This method has two problems. The first is that the many (countably infinite) choices of $x_{m+1}\in X\backslash\{x_n\}_{n\leq m}$ cannot be carried out without admitting (at least some weakened version of) the axiom of choice. The meaning of the last sentence will be explained later.

The other problem can be properly fixed. The problem is that you only proved by induction (recall what induction means) that for any $n\in\NN$ there exists a (finite) injective sequence of length $n$ in $X$, rather than an infinite one. Recursion will remedy the situation.
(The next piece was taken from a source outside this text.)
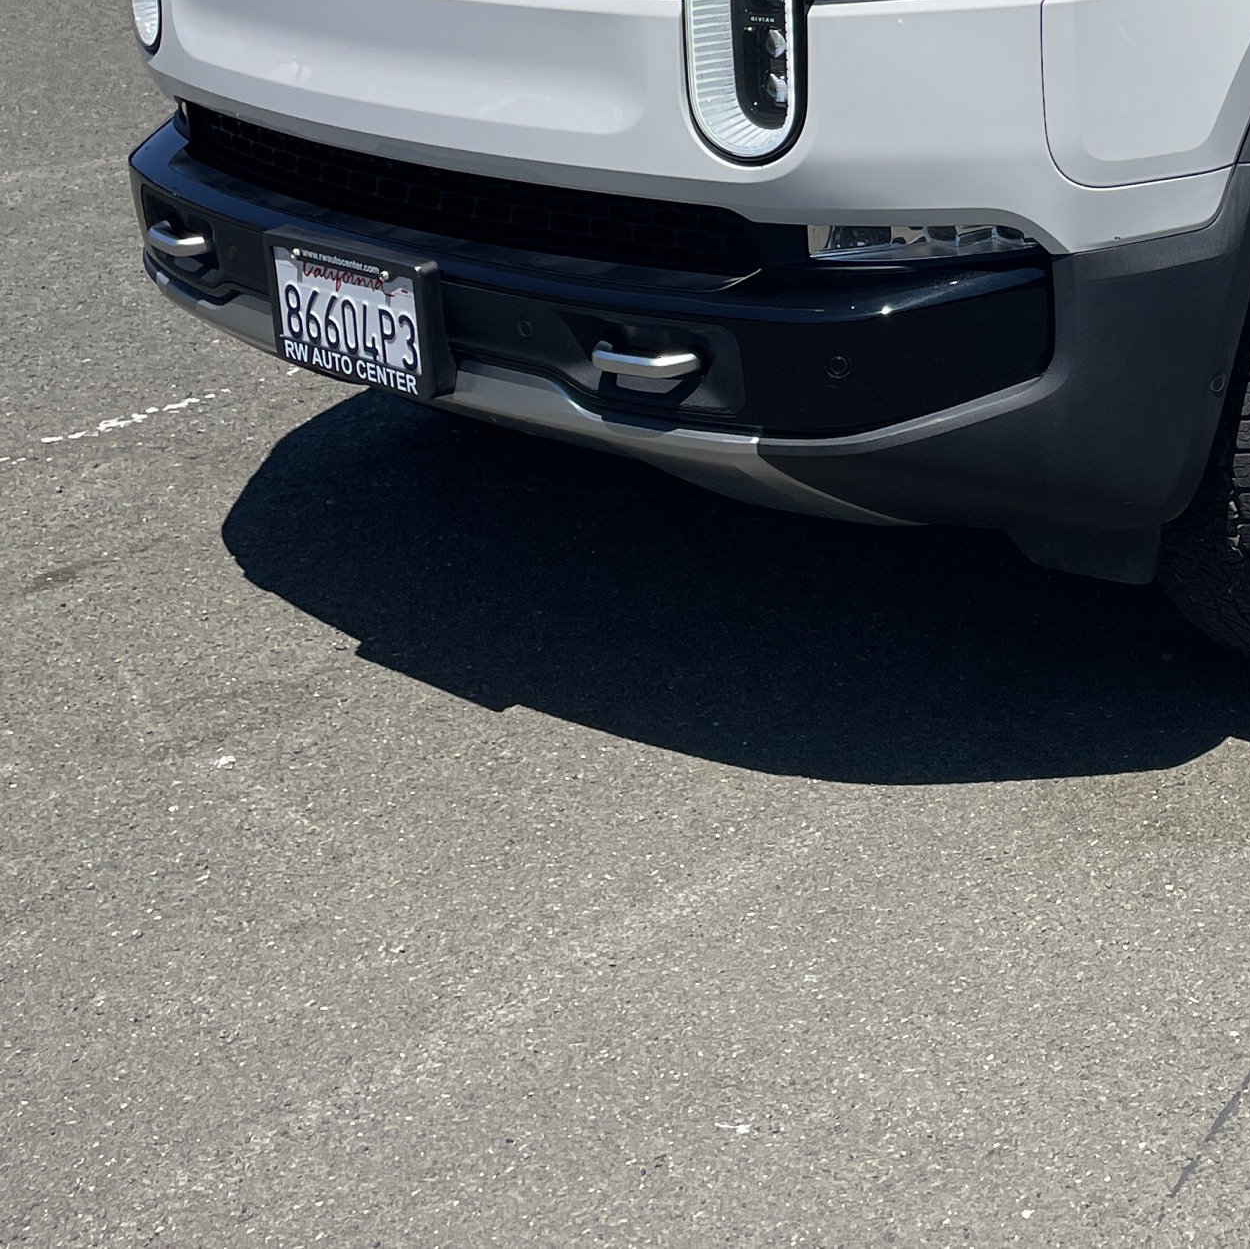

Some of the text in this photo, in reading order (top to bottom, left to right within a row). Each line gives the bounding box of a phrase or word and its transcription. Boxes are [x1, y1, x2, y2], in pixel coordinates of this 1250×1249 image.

Theorem (Recursion of Natural Numbers).

Given a function $G$ on the class of all finite sequences, there exists a unique function $F$ on $\NN$, i.e., an infinite sequence, such that $F(n)=G(F\restriction_n)$ for each $n\in\NN$.

Proof.

We define $F$ by a first-order formula. We only describe it in natural language and one should be convinced that it can be converted to a nice first-order formula $\phi(n,x,G)$.

$F(n)=x\iff$ there is an $n$-sequence $\abra{a_m:m<n}$ such that:

For every $m<n$, $a_m=G(\abra{a_k:k<m})$;
$x=G(\abra{a_m:m<n})$.

One can prove by induction that for each $n\in\NN$, $F(n)$ is unique; hence $F$ is a function uniquely determined by (2). And one can further prove by induction that for each $n\in\NN$ there is an $n$-sequence satisfying (1).

$\square$

Essentially the same proof leads to the celebrated transfinite recursion of ordinals, and the $\in$-recursion of transitive classes.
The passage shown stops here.